What are Genital Warts?
Genital warts are caused by HPV virus, most commonly associated with two HPV types: HPV-6 and HPV-11. The warts may appear within several weeks after sexual contact with a person, who is infected with HPV. The warts may take months or years to appear, or they may never appear. It is estimated that each minute in the United States, there is a new case of genital warts.
Genital warts don’t always look the same, they are usually flesh-colored growths that can be raised or flat, small or large, and alone or in clusters. In females, warts can grow inside a woman’s vagina, or on the cervix, making them hard to see. In males, they can appear on the surface of the penis or groin.
In women genital warts can develop around the vulva or inside the vagina and on the cervix. If a woman has warts on her cervix, this may cause slight bleeding or, very rarely, an unusual colored vaginal discharge. Warts may occur singly or in groups. The warts may itch, but they are usually painless. Sometimes genital warts can be difficult to spot. In severe cases, it is possible for genital warts to spread from the genitals to the area around the anus, even if anal intercourse has not occurred.
How do I know if I have Genital Warts?
Genital warts are usually diagnosed by visual examination to see if any lesions or warts are present. If there is a question as to the cause of a sore or abnormal cell changes on the cervix, a tissue sample or culture can be taken to determine what type of virus or other microorganism is responsible. For genital warts, health care providers often use a colposcope to magnify the area. Vinegar may also be applied to the genitals to make the warts more visible. Pap smear or biopsy results often indicate the presence of the Human Papillomavirus (HPV), the virus responsible for genital warts, in women.
How are Genital Warts treated?
Treatment for genital warts can be a painful process and can involve cutting, freezing, or burning the warts. Even after treatment, genital warts can come back. In fact, 25% of cases come back within 3 months.
There is no treatment that can completely eliminate genital warts once a person has been infected.
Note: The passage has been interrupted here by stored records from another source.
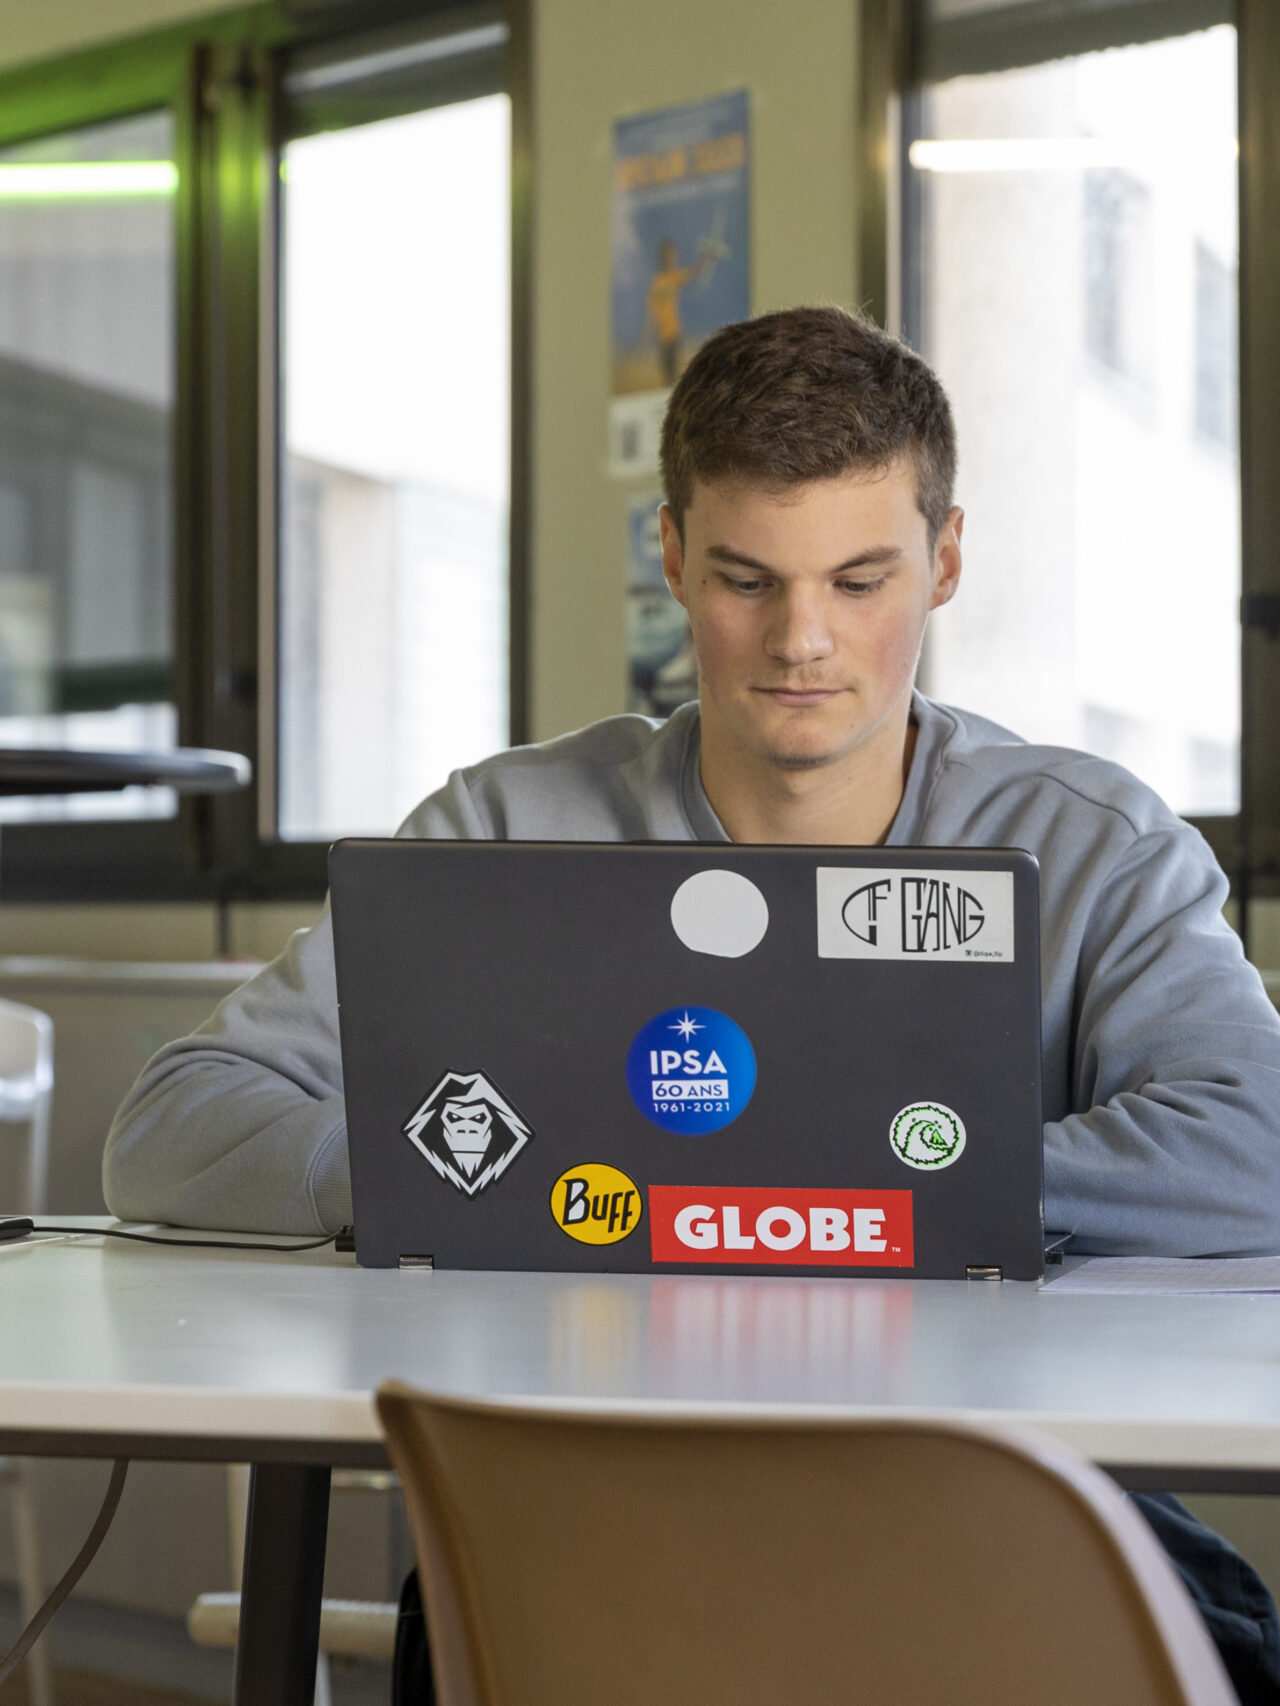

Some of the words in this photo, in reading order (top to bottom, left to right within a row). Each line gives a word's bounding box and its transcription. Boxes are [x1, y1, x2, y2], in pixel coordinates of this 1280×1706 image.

[900, 876, 986, 953] GANG
[650, 1049, 728, 1075] IPSA
[655, 1083, 683, 1098] 60
[687, 1084, 723, 1097] ANS
[653, 1102, 730, 1112] 1961-2021
[674, 1204, 887, 1252] GLOBE
Often outbreaks of genital warts will become less frequent over time, until the body naturally clears the virus and the warts disappear on their own. However, in some people the infection may linger.
Our doctors can give patients various treatments to clear genital warts, but they may reappear even after treatment. Genital warts are caused by a virus, not a bacterium, so antibiotics will not get rid of them. Common treatments include:
- Podophyllin resin – a brown liquid that removes genital warts by stopping cell growth. Podophyllin resin is painted on to the wart(s) by a doctor and must be washed off 4 hours later (or sooner, if the area is irritated). It has to be applied by a medical professional to avoid damaging the healthy tissue around the wart and may have to be applied several times to work effectively.
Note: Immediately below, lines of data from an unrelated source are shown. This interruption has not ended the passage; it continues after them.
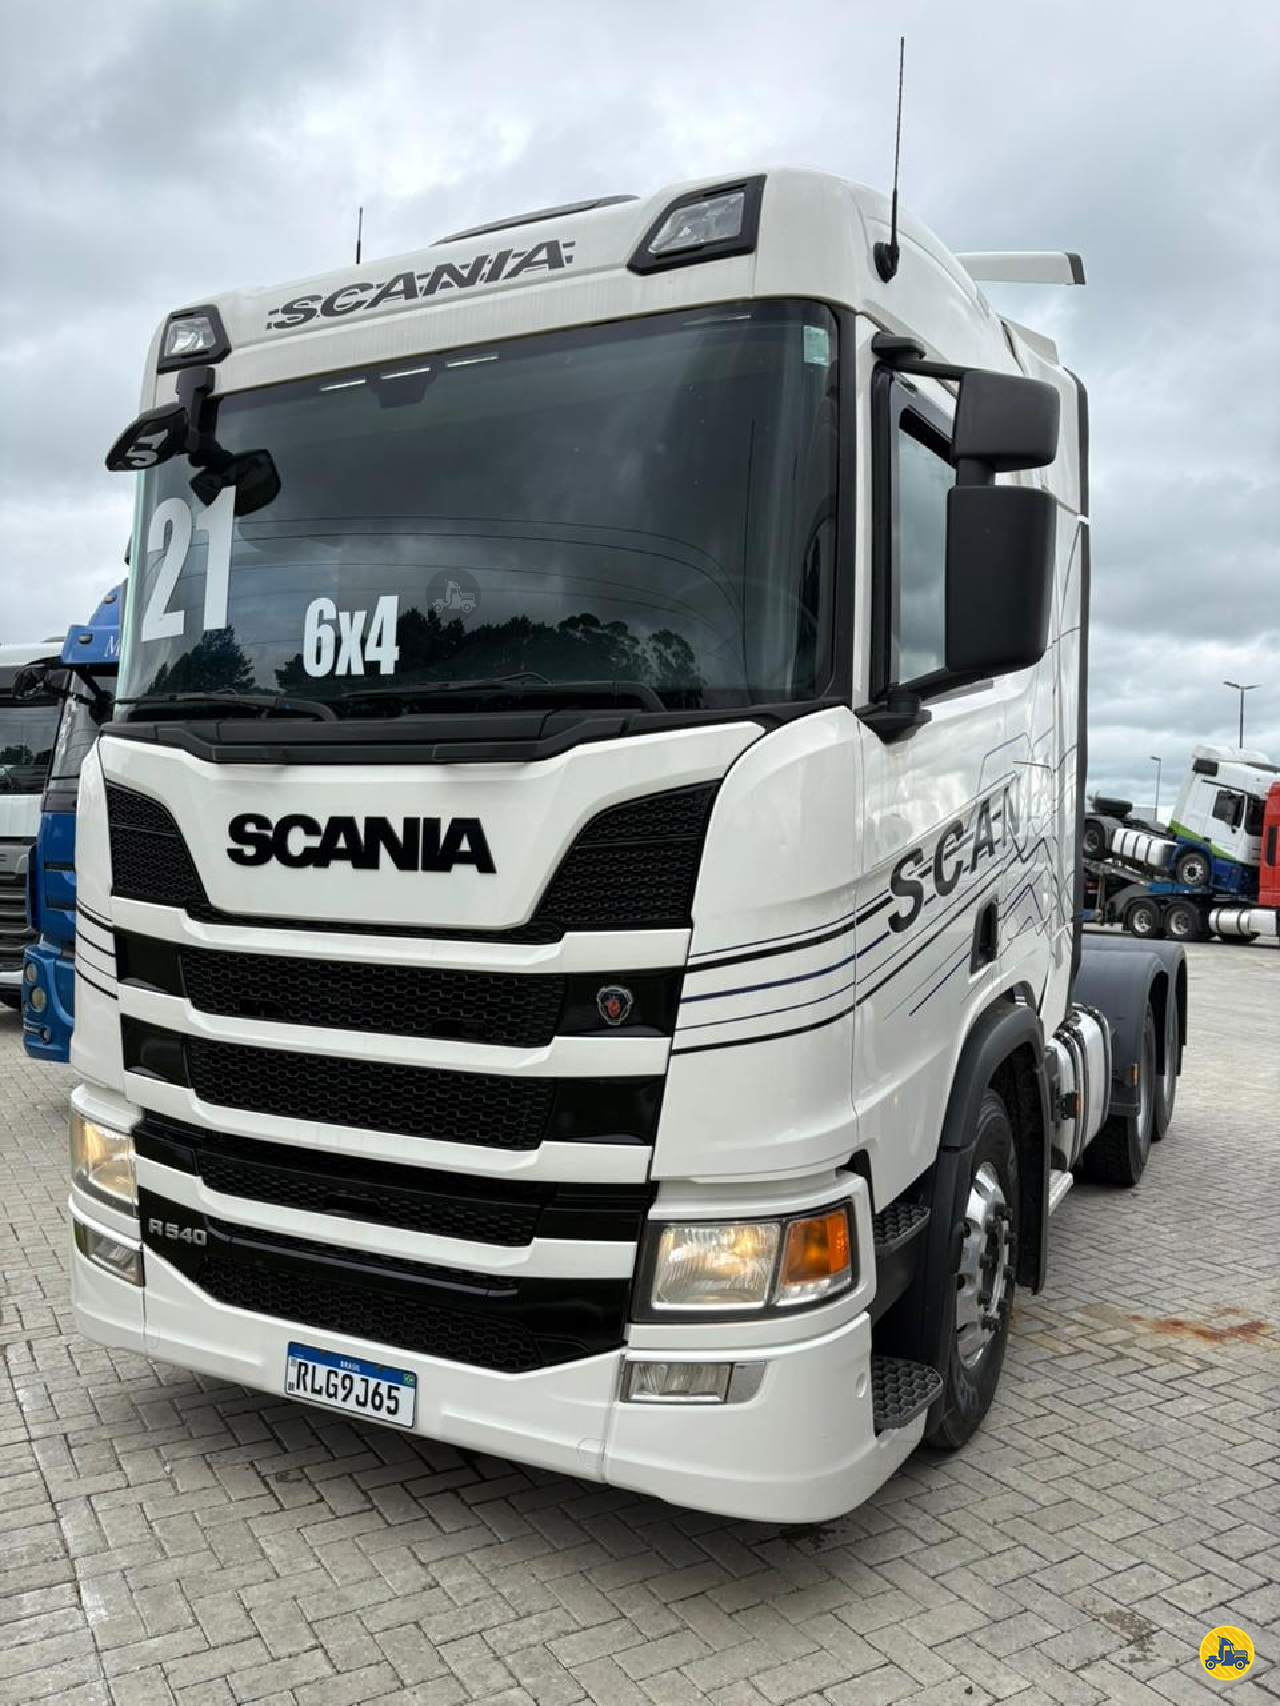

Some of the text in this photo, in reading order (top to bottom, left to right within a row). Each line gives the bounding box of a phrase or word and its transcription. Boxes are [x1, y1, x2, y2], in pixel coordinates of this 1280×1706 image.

[267, 240, 576, 329] SCANIA
[142, 485, 237, 642] 21
[303, 595, 400, 677] 6x4
[227, 813, 497, 874] SCANIA
[296, 1361, 400, 1415] RLG9J65
- Podopfilox lotion/gel – can be applied to the wart(s) by the patient at home. The usual schedule is twice a day for 3 days, followed by 4 days without any lotion. This cycle is repeated for 4 weeks. It has few side effects and is well-suited for treatment at home (prescription is given).
- Cryocautery (also called cryotherapy) – uses liquid nitrogen to freeze more persistent warts every 1 to 3 weeks for a short period.
- Laser treatments – this approach, which uses an intense beam of light, can be expensive and is usually reserved for very extensive and tough-to-treat warts.
- Electrocautery – an electrical current is used to super-heat a needle which burns the wart cells and cauterizes the blood vessels. A local anesthetic is used to prevent any pain and the procedure is usually carried out at a doctor’s surgery. Electrocautery is used only after other treatments have failed.
- Surgical excision – the doctor will perform minor surgery to remove the wart under local anesthetic.
The doctor will give the patient advice about having sex while receiving treatment.
There are some non-prescription treatments available for genital HPV, but it is advisable to always seek medical advice. Never try to treat genital warts by yourself.